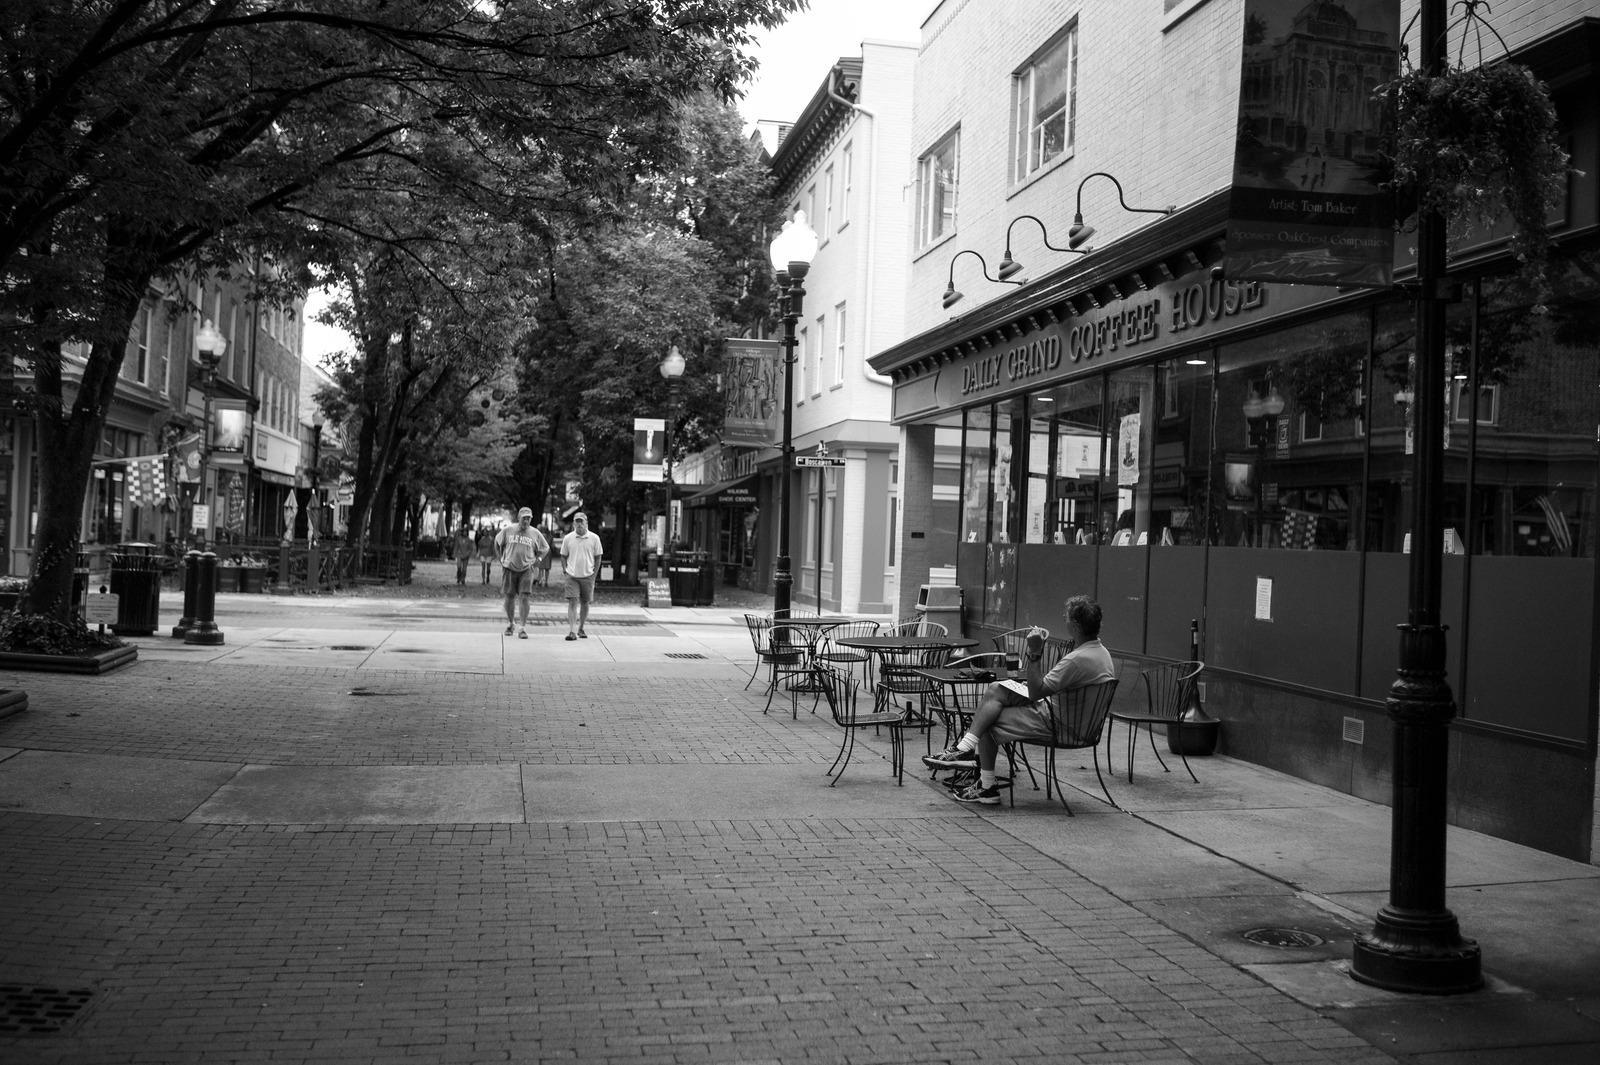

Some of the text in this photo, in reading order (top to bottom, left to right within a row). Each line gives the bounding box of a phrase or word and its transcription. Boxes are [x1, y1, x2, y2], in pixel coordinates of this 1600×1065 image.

[1268, 197, 1358, 214] Artist: Tom Baker
[1231, 228, 1274, 242] Sponsor:
[1277, 231, 1328, 244] OakCrest
[960, 279, 1264, 395] DAILY GRIND COFFEE HOUSE
[508, 534, 533, 547] OLE MISS
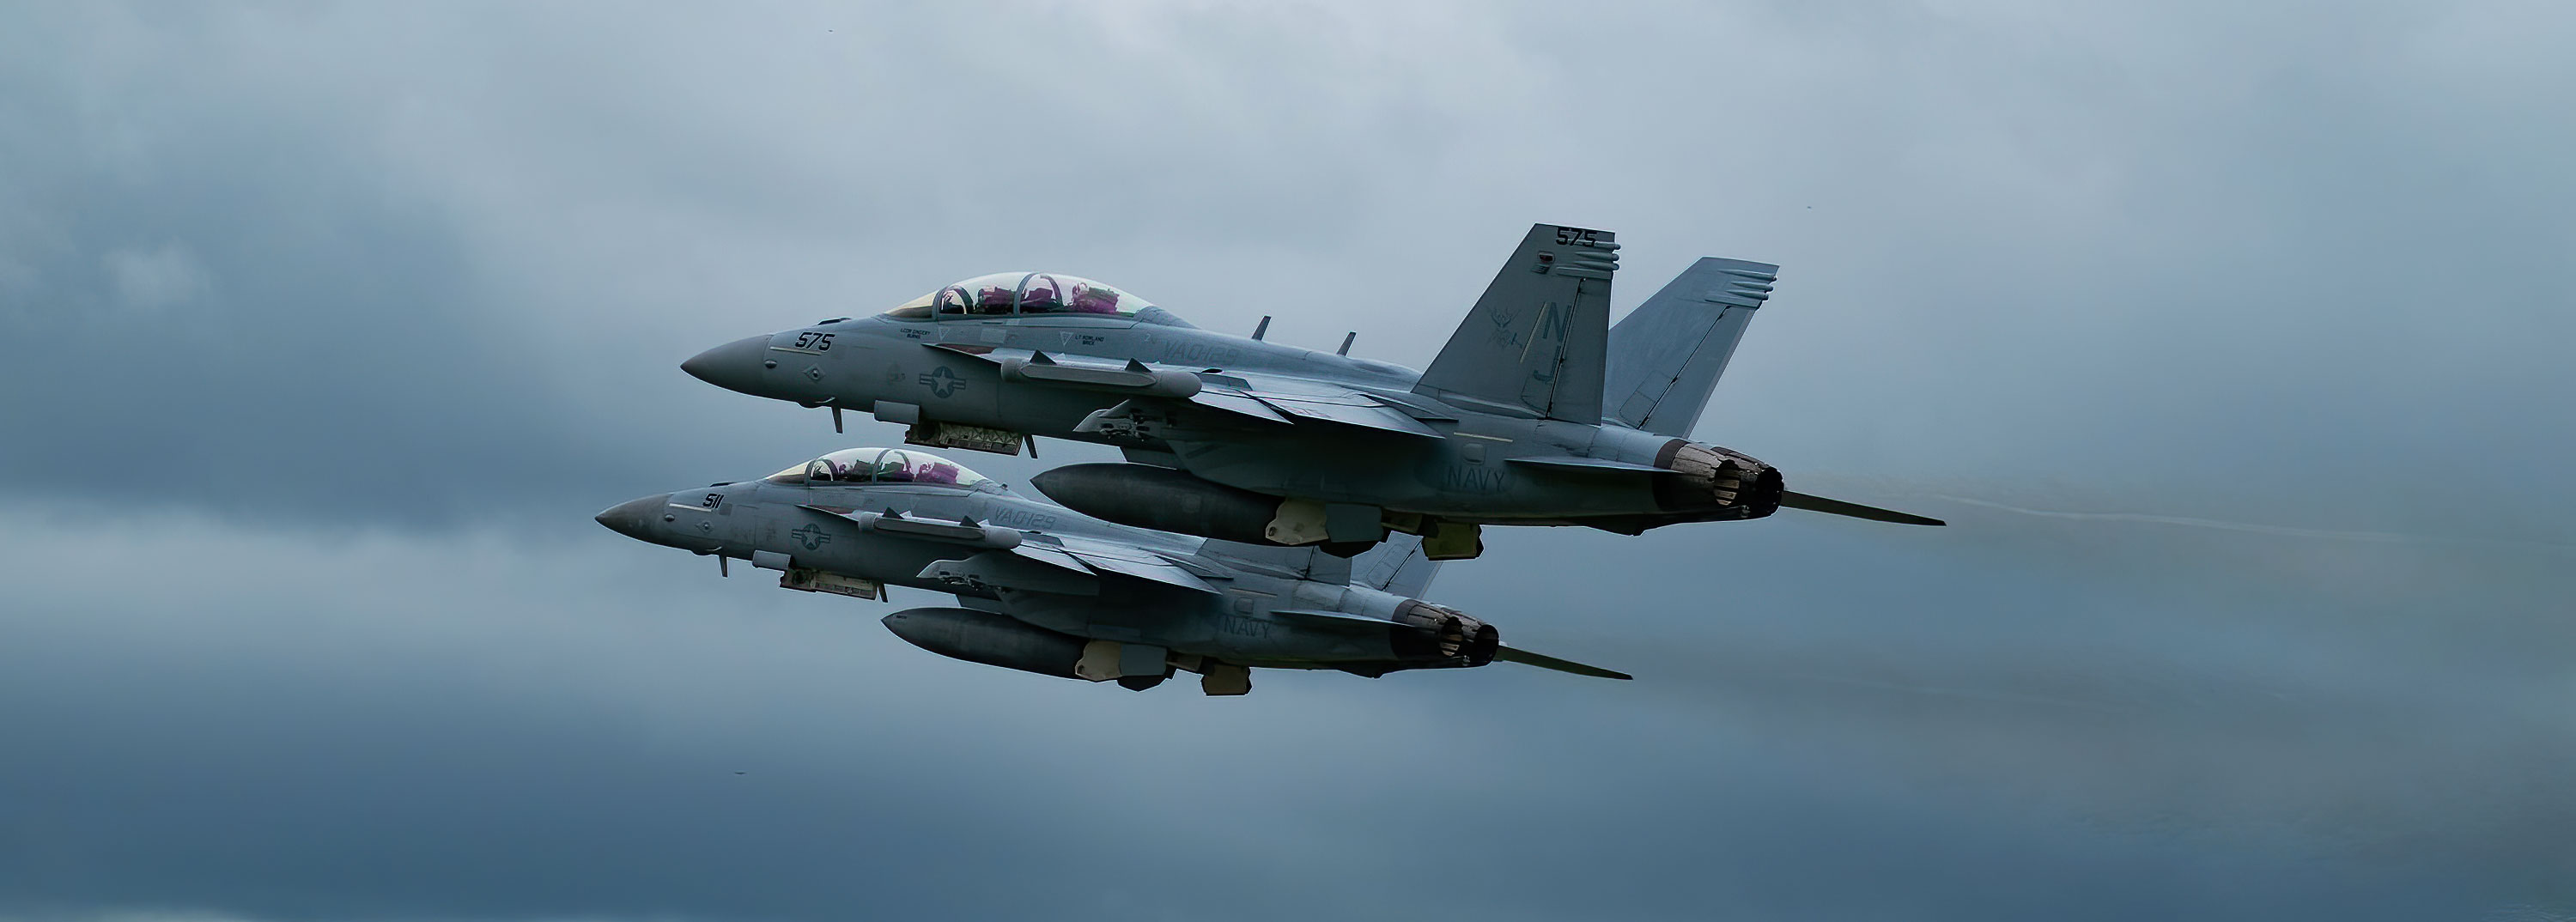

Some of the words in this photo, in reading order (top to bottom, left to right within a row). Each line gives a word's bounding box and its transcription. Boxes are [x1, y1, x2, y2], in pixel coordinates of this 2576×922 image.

[1556, 227, 1597, 247] 575
[1542, 302, 1572, 342] N
[794, 331, 835, 351] 575
[1447, 465, 1505, 492] NAVY
[702, 493, 725, 509] 511
[1224, 616, 1272, 639] NAVY
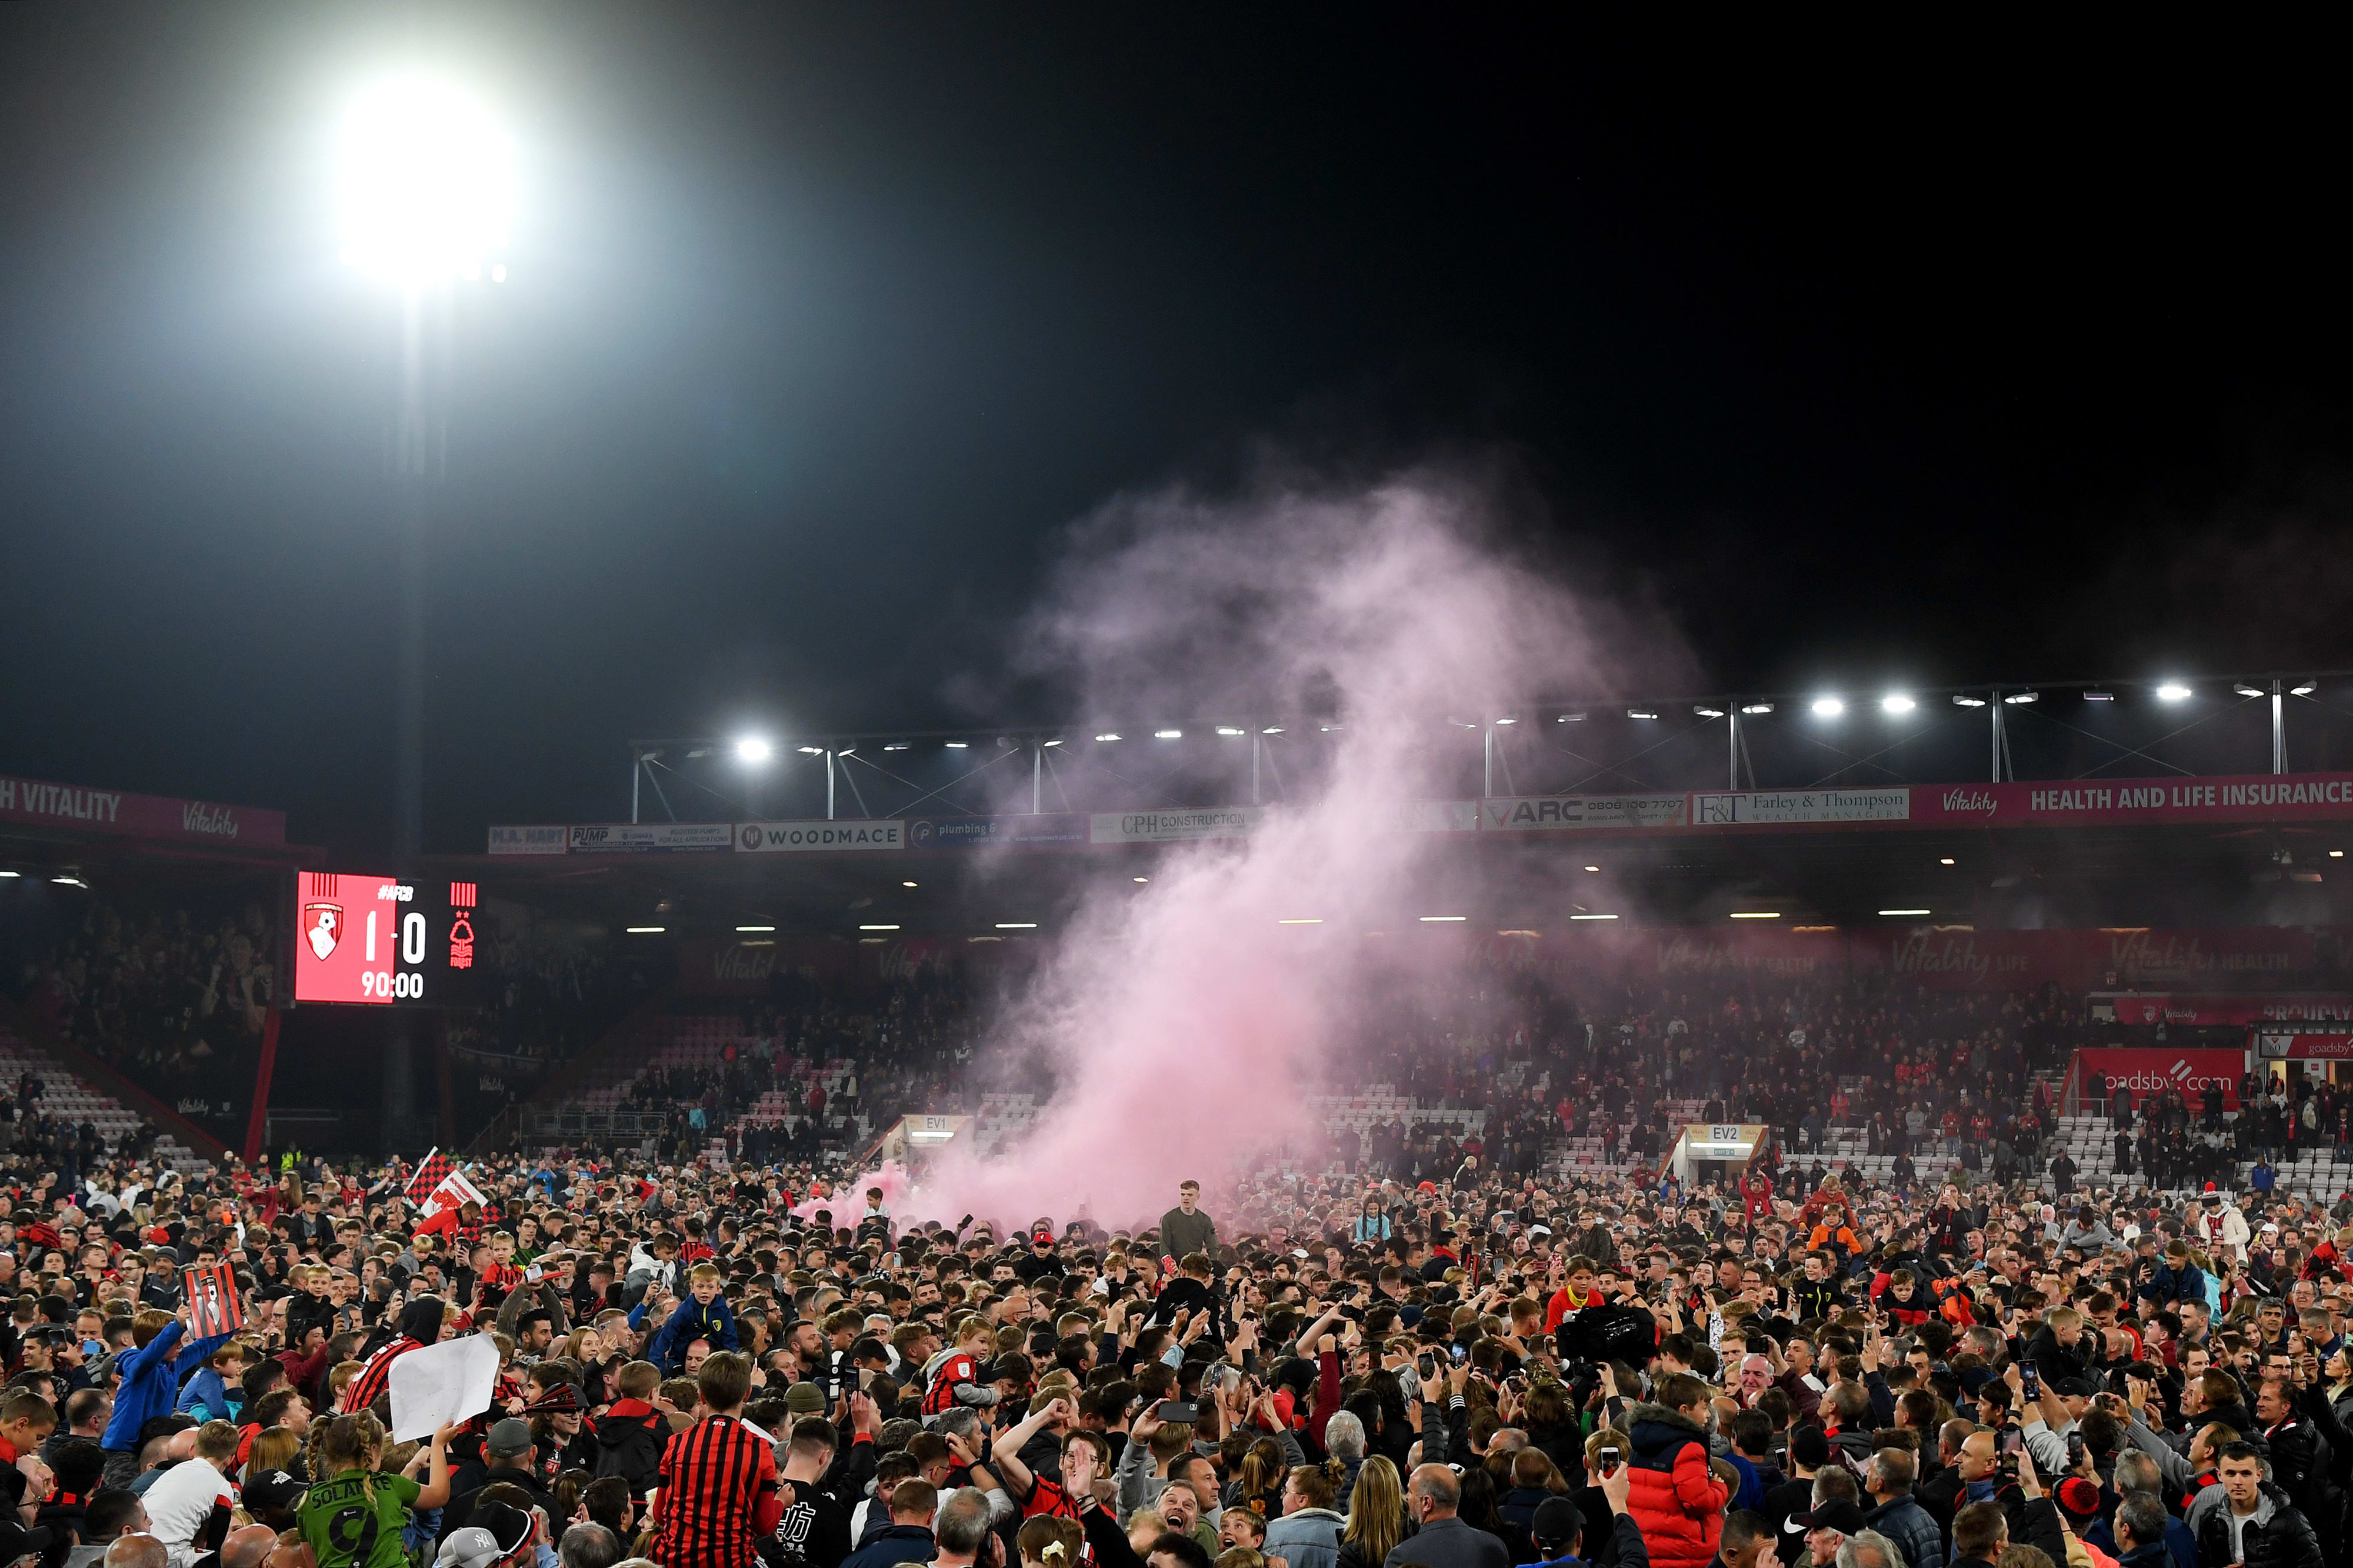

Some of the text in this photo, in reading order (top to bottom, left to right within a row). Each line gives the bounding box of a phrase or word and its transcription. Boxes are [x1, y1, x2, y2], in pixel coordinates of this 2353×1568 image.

## Goal of the exercise
Should a picture appear among the entries above, omit it and repeat everything else exactly.

## Answer to the exercise
Some of the text in this photo, in reading order (top to bottom, left to right within a row). Each line gives the bounding box of a phrase or word and its transcription. Boxes are [x1, y1, x2, y2], in pixel coordinates of this 1600×1065 image.

[1268, 197, 1358, 214] Artist: Tom Baker
[1231, 228, 1274, 242] Sponsor:
[1277, 231, 1328, 244] OakCrest
[960, 279, 1264, 395] DAILY GRIND COFFEE HOUSE
[508, 534, 533, 547] OLE MISS

Some of the words in this photo, in reading order (top to bottom, left to right within a row). Each line gives a word's bounding box and its transcription. Boxes are [x1, y1, x2, y2], in pixel coordinates of this 2576×922 image.

[1556, 227, 1597, 247] 575
[1542, 302, 1572, 342] N
[794, 331, 835, 351] 575
[1447, 465, 1505, 492] NAVY
[702, 493, 725, 509] 511
[1224, 616, 1272, 639] NAVY

Some of the text in this photo, in reading order (top to bottom, left to right within a row). Each line gives the bounding box of a phrase or word and its transcription. Boxes are [x1, y1, x2, y2], in pixel coordinates of this 2353×1568 image.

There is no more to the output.